The answer should reproduce every entry exactly and contain no images.

=== Supplied records ===
[Start of Attachment]
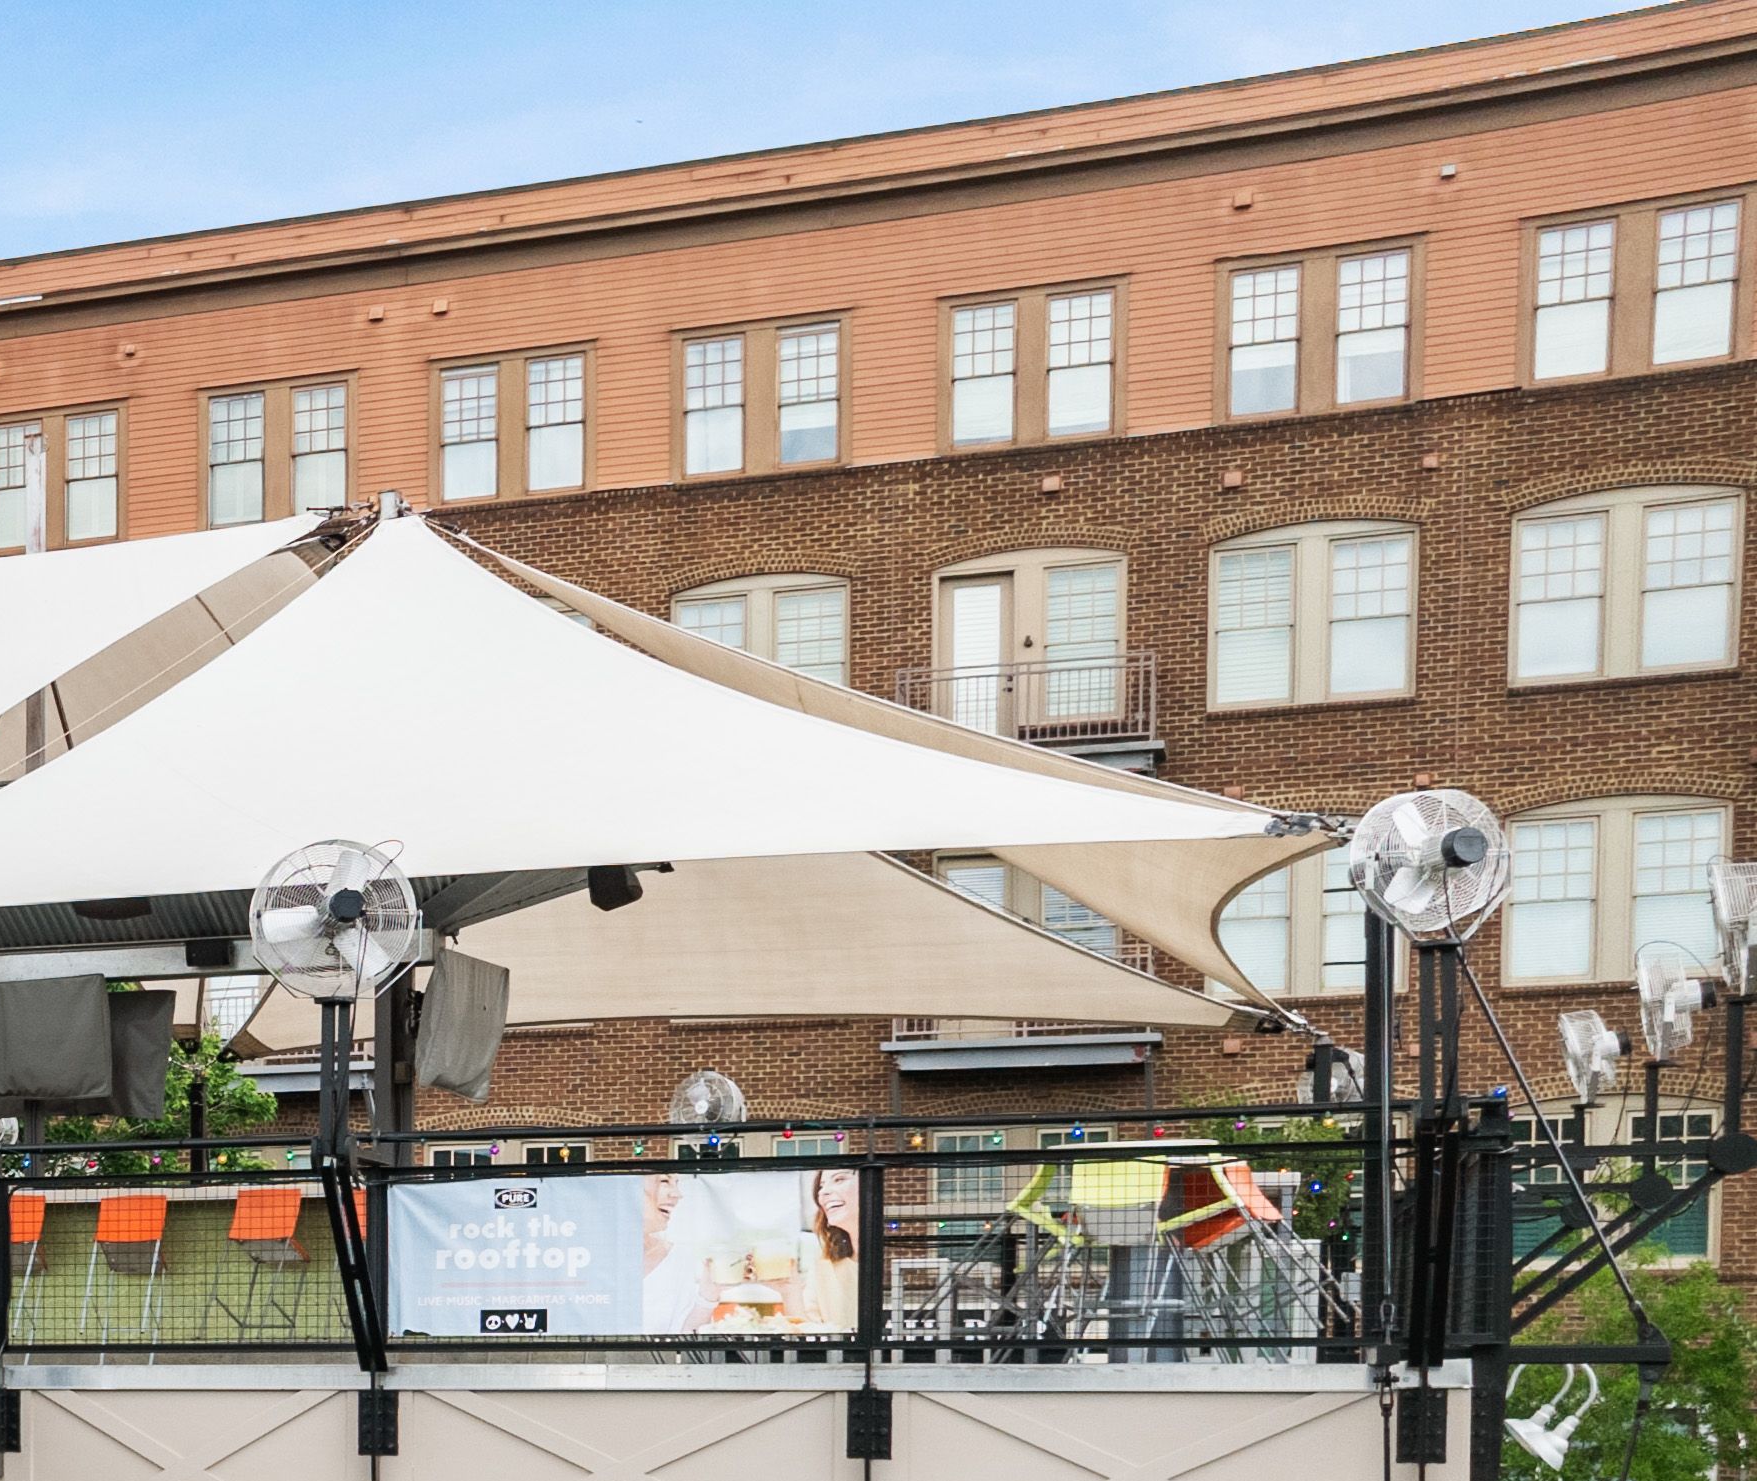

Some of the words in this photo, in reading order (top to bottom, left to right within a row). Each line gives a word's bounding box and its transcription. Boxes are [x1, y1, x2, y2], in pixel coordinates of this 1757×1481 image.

[501, 1193, 530, 1203] PURE
[448, 1215, 515, 1239] rock
[527, 1214, 577, 1237] the
[435, 1239, 591, 1277] rooftop
[417, 1296, 443, 1306] LIVE
[446, 1296, 483, 1306] MUSIC
[491, 1295, 566, 1305] MARGARITAS
[574, 1294, 611, 1304] MORE
[End of Attachment]
=== Solution for this exercise ===
Some of the words in this photo, in reading order (top to bottom, left to right within a row). Each line gives a word's bounding box and its transcription. Boxes are [x1, y1, x2, y2], in pixel coordinates of this 1757×1481 image.

[501, 1193, 530, 1203] PURE
[448, 1215, 515, 1239] rock
[527, 1214, 577, 1237] the
[435, 1239, 591, 1277] rooftop
[417, 1296, 443, 1306] LIVE
[446, 1296, 483, 1306] MUSIC
[491, 1295, 566, 1305] MARGARITAS
[574, 1294, 611, 1304] MORE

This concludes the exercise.